Reference no: EM132659498
Person-Centered Therapy.
HELGA: A depressed client with suicidal impulses Helga has spent time in mental institutions because of deep depression, marked feelings of worthlessness, and several attempts to kill herself. She was born and reared in Germany and came to live in New Jersey in her late teens. She relates that she has never felt at home since she left Germany but that there is now nothing there for her to return to. She frequently mentions how lonely and isolated she feels. There are no friends in her life, no intimate relationships, and she feels a deep sense of rejection. Although she has been out of the last institution for over a year, she is an outpatient and has come to the day-treatment center on a regular basis. Assume that you are a new counsellor and are seeing her for the first time. Think about how you might deal with her in the first five minutes of your initial session. At this first session Helga relates: "I just dread getting up every morning. Everything seems like such a chore. I'm afraid that anything I do will turn to failure. I see no real sense in going on. I have constant thoughts of ending my life. I'm surely no use to anyone around me. I couldn't hold a husband or any job, and then I lost my kids. I just feel so worthless and rotten and full of guilt and hate for myself. No matter what I do or try, I just can't see any light at the end of that long, dark, cold, scary tunnel. I look forward to death, because then I won't have to suffer anymore."

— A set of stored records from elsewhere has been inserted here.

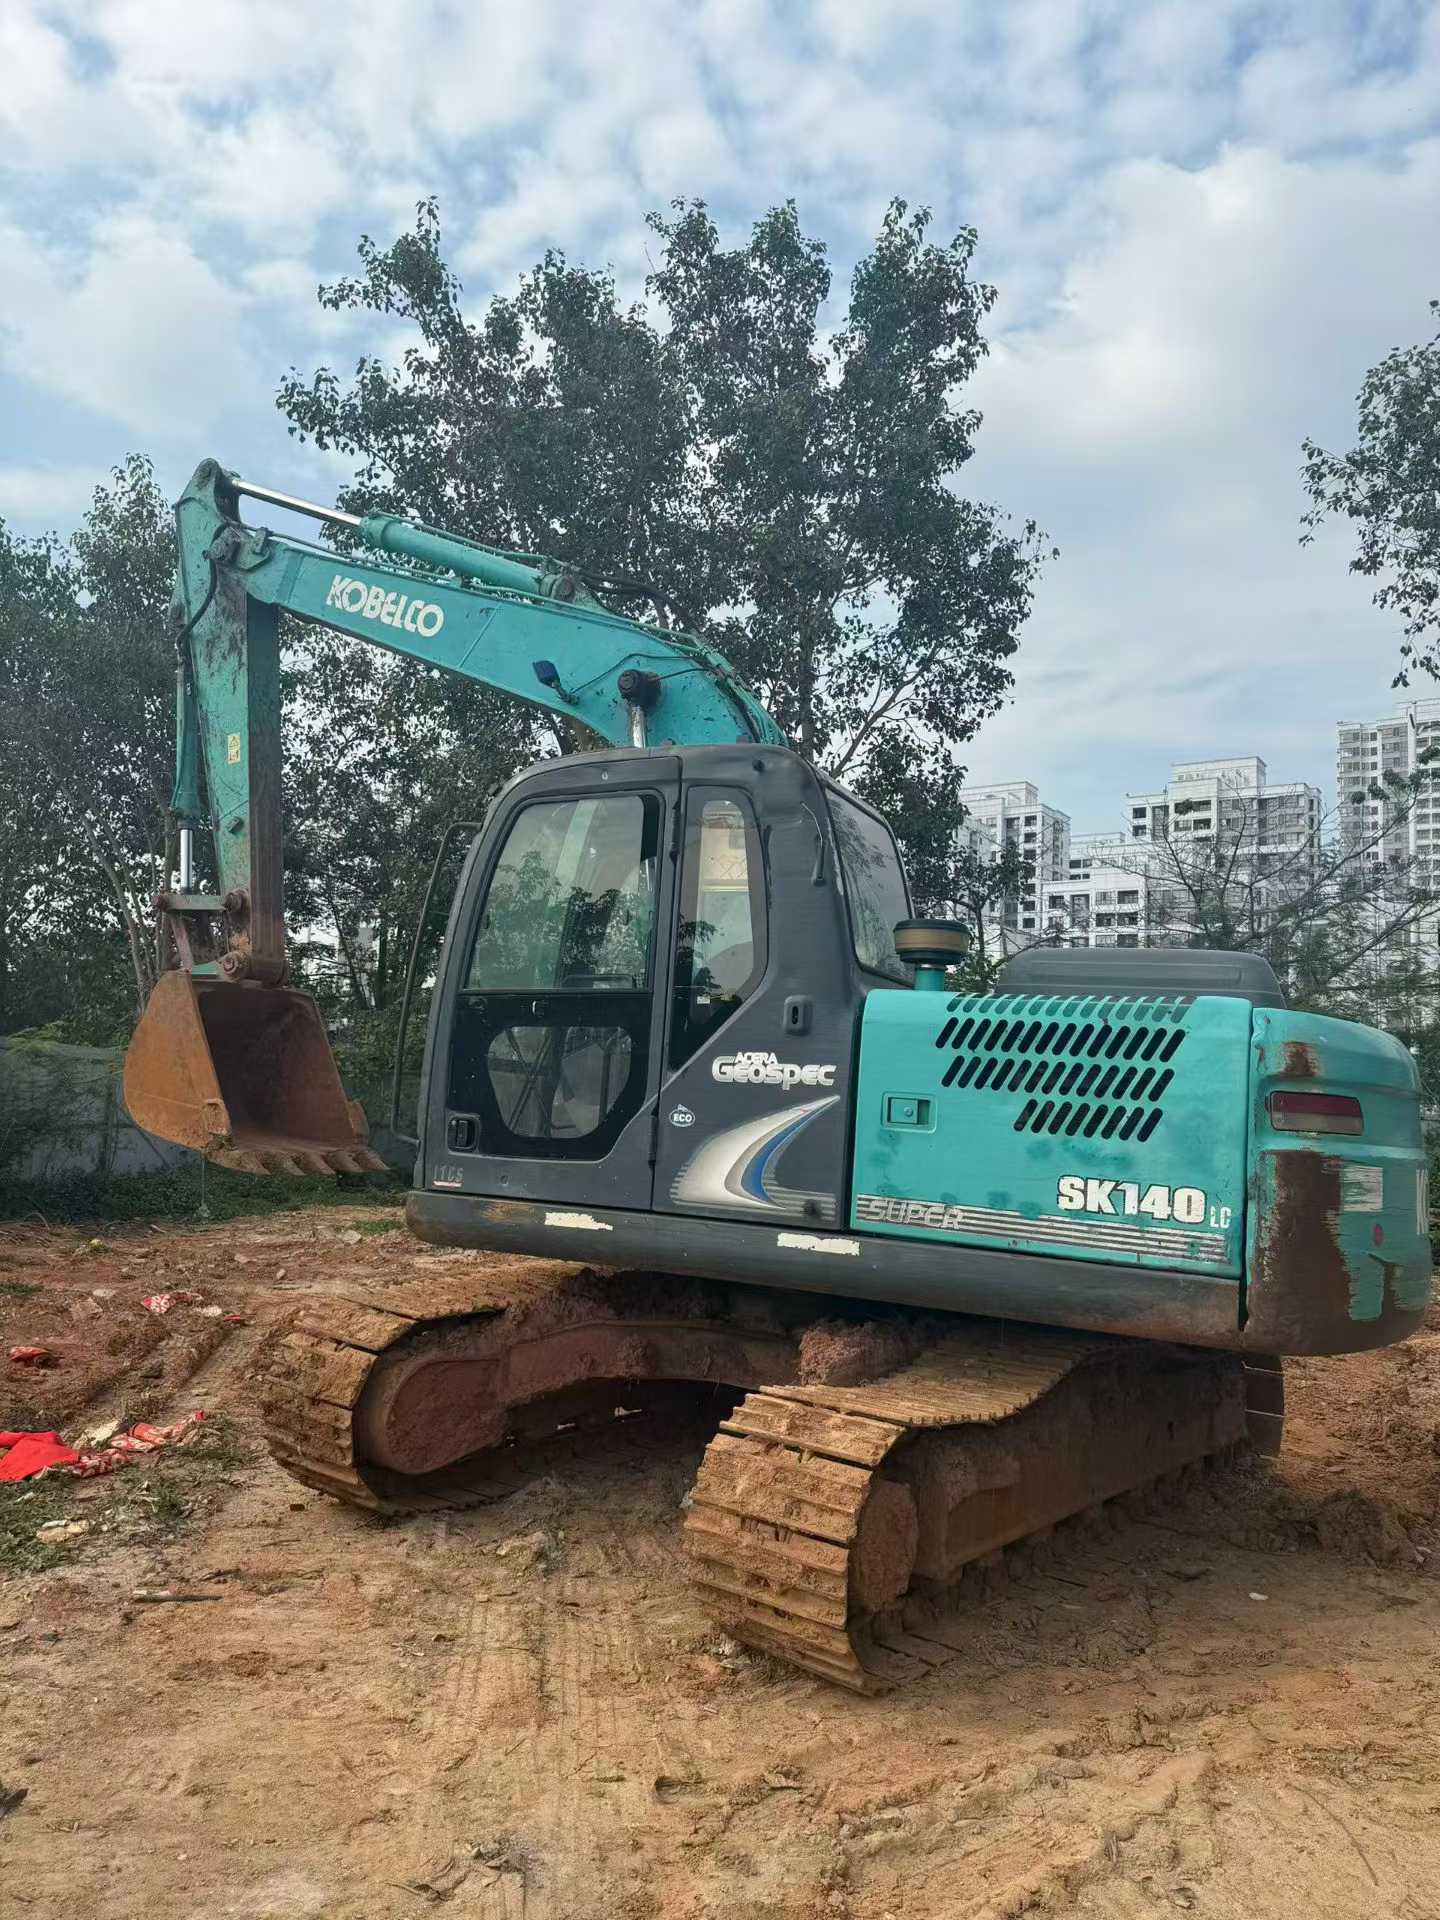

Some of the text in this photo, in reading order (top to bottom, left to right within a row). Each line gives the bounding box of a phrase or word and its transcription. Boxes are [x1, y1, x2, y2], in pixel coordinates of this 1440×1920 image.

[326, 575, 445, 637] KOBELCO
[735, 1052, 778, 1065] ACERA
[673, 1113, 692, 1122] ECO
[865, 1199, 962, 1229] SUPER
[1057, 1175, 1232, 1229] SK140 LC

What are your personal reactions to what Helga is saying? How does it affect you? What are you feeling as you listen to her?
What do you mainly hear Helga saying?
Given the way Helga presents herself, do you see much hope? Do you believe that there is a positive, trustworthy, and actualizing tendency within her?
In what ways might you use yourself as a person to build a relationship with Helga so that she might work through her depression? Do you think that your relationship with her by itself is sufficient, or would you see a need for interpretation, direction, and active techniques?
Have you had enough life experiences similar to Helga's to enable you to empathize with her and enter her experiential world? How would you respond to her if she said: "You can't understand how uprooted I feel. I don't belong anywhere. But I just don't think you can know what this is like for me?
What are some of the advantages of working with Helga within a person-centered framework?